WORK TO BE COMPLETED:
Type the data below again exactly. Omit all pictures.

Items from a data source
┌──

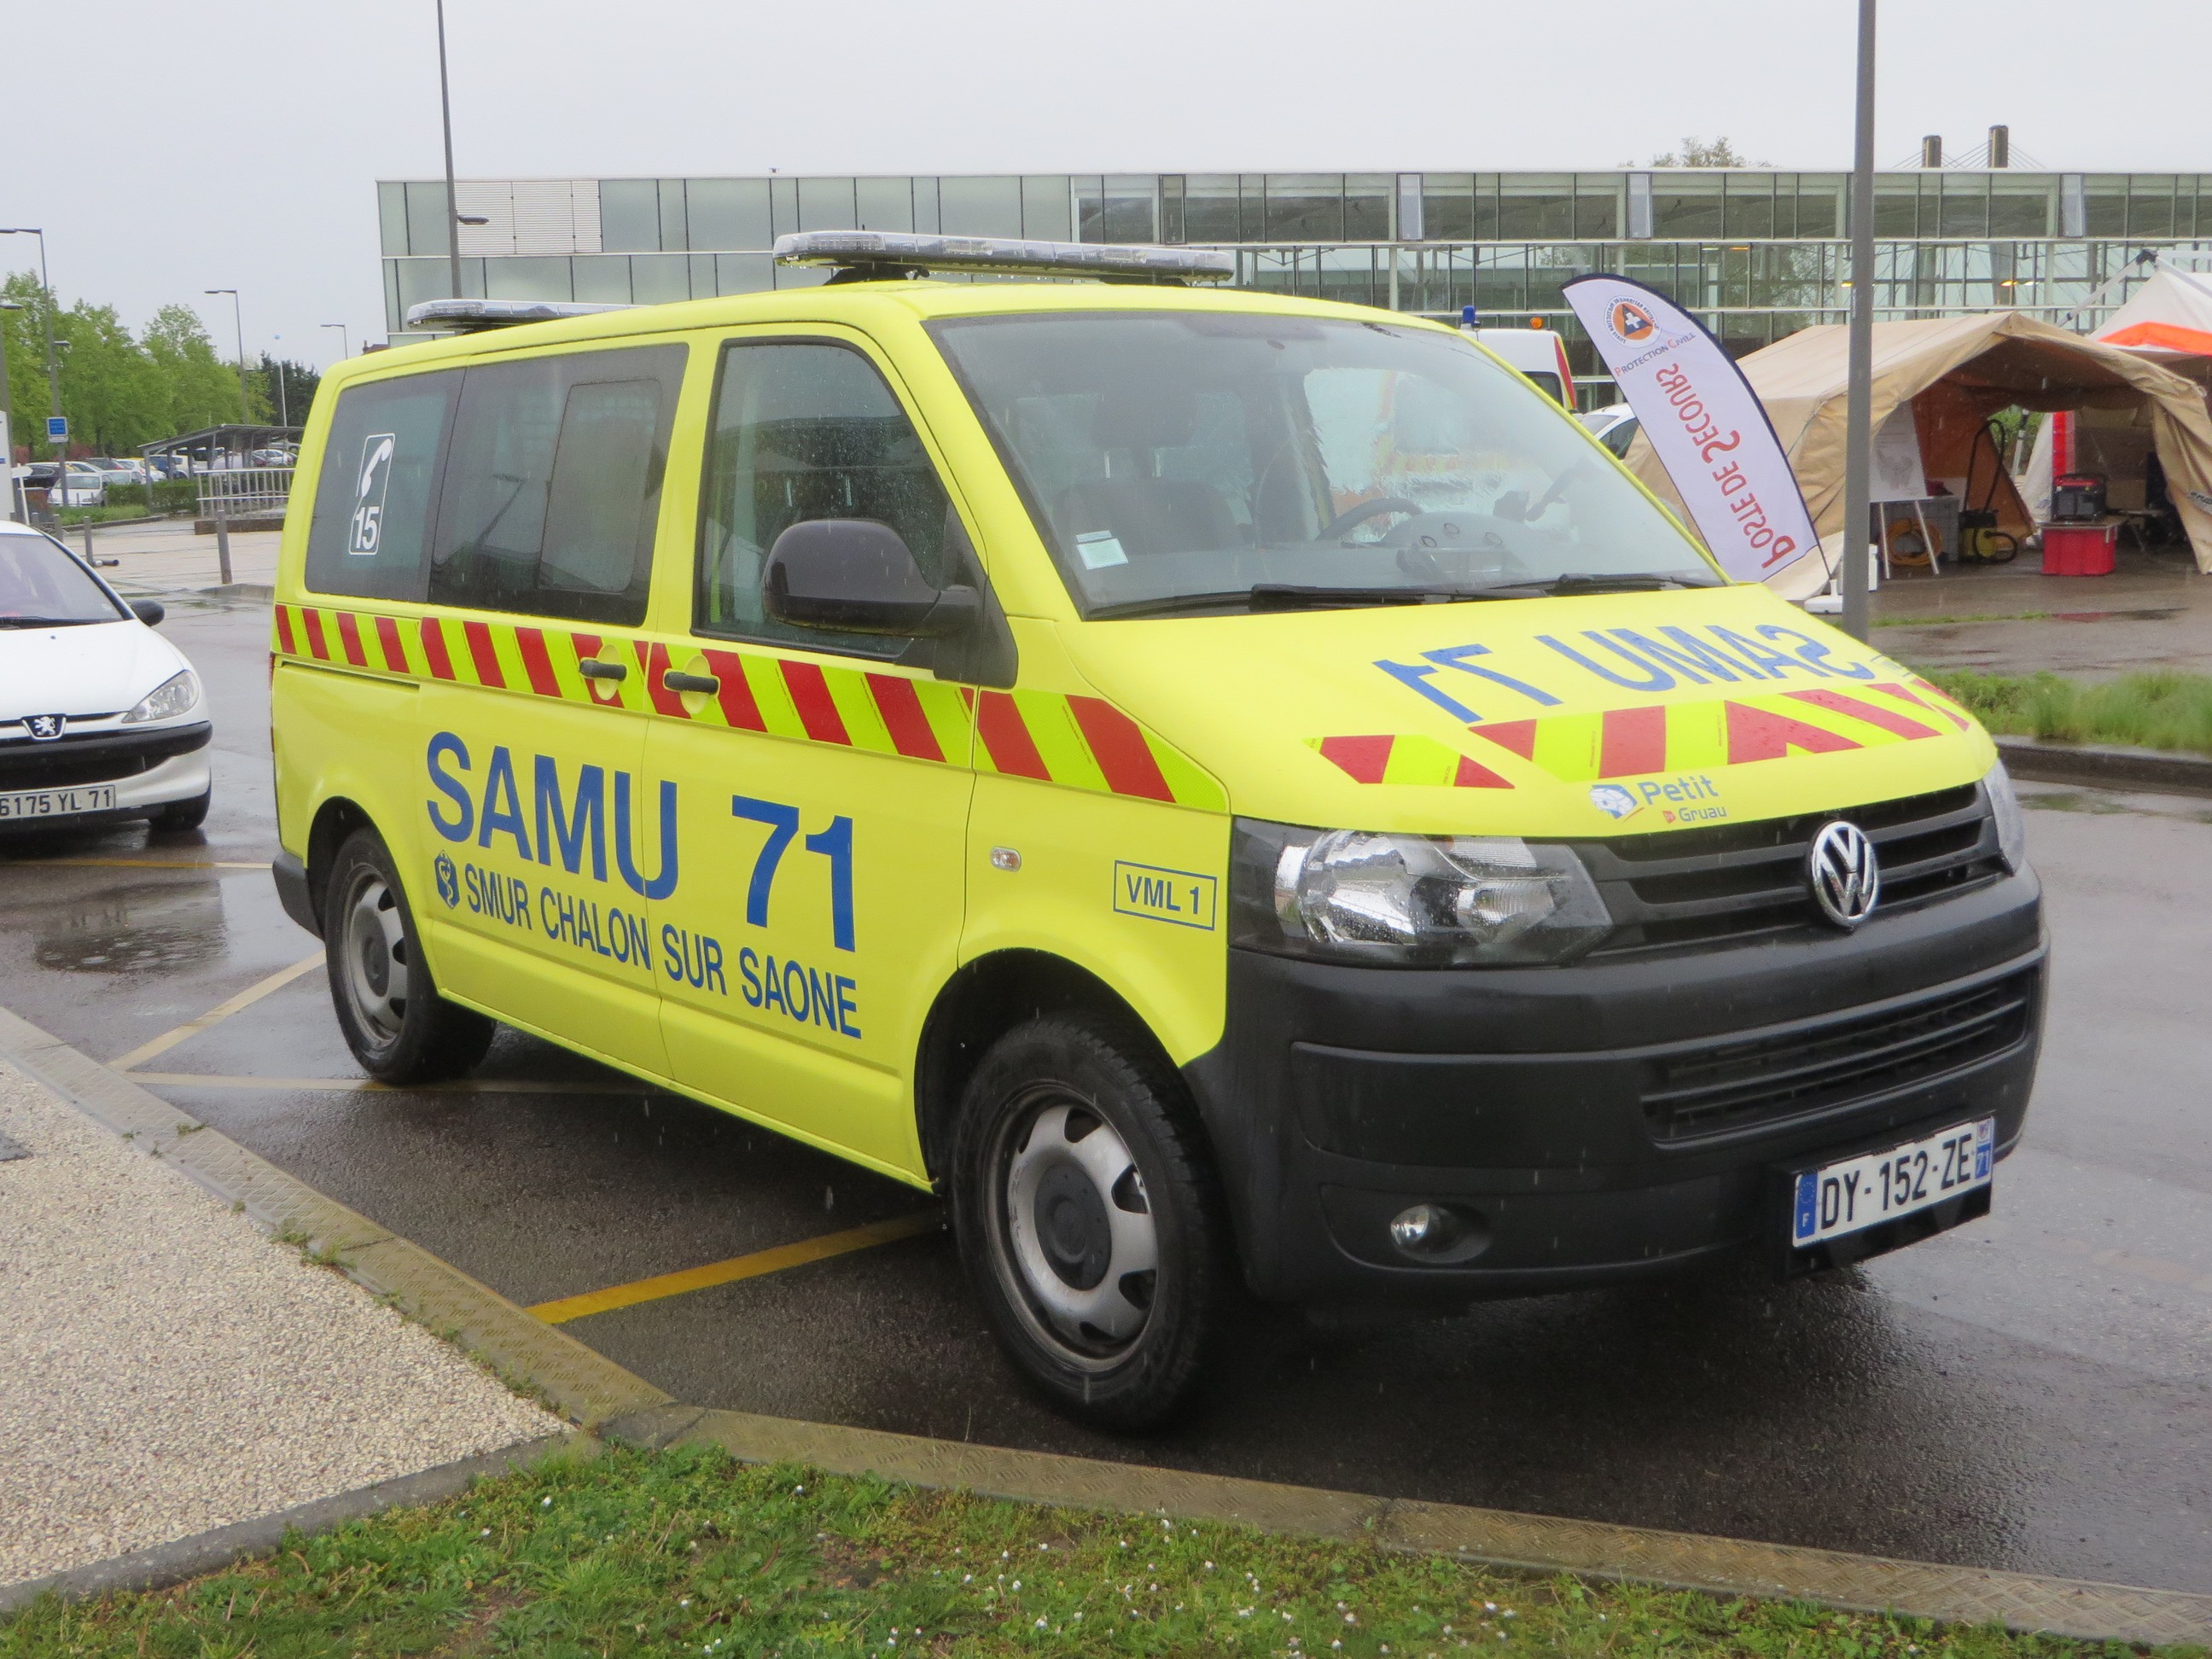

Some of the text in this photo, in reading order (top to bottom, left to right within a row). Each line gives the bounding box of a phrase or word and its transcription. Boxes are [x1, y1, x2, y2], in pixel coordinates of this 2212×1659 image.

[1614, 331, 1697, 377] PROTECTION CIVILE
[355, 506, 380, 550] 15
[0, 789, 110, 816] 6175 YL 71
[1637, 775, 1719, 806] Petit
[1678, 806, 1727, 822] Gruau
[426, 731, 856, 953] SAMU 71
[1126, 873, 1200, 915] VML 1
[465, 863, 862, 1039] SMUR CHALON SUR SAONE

└──

THE ANSWER:
Some of the text in this photo, in reading order (top to bottom, left to right within a row). Each line gives the bounding box of a phrase or word and its transcription. Boxes are [x1, y1, x2, y2], in pixel coordinates of this 2212×1659 image.

[1614, 331, 1697, 377] PROTECTION CIVILE
[355, 506, 380, 550] 15
[0, 789, 110, 816] 6175 YL 71
[1637, 775, 1719, 806] Petit
[1678, 806, 1727, 822] Gruau
[426, 731, 856, 953] SAMU 71
[1126, 873, 1200, 915] VML 1
[465, 863, 862, 1039] SMUR CHALON SUR SAONE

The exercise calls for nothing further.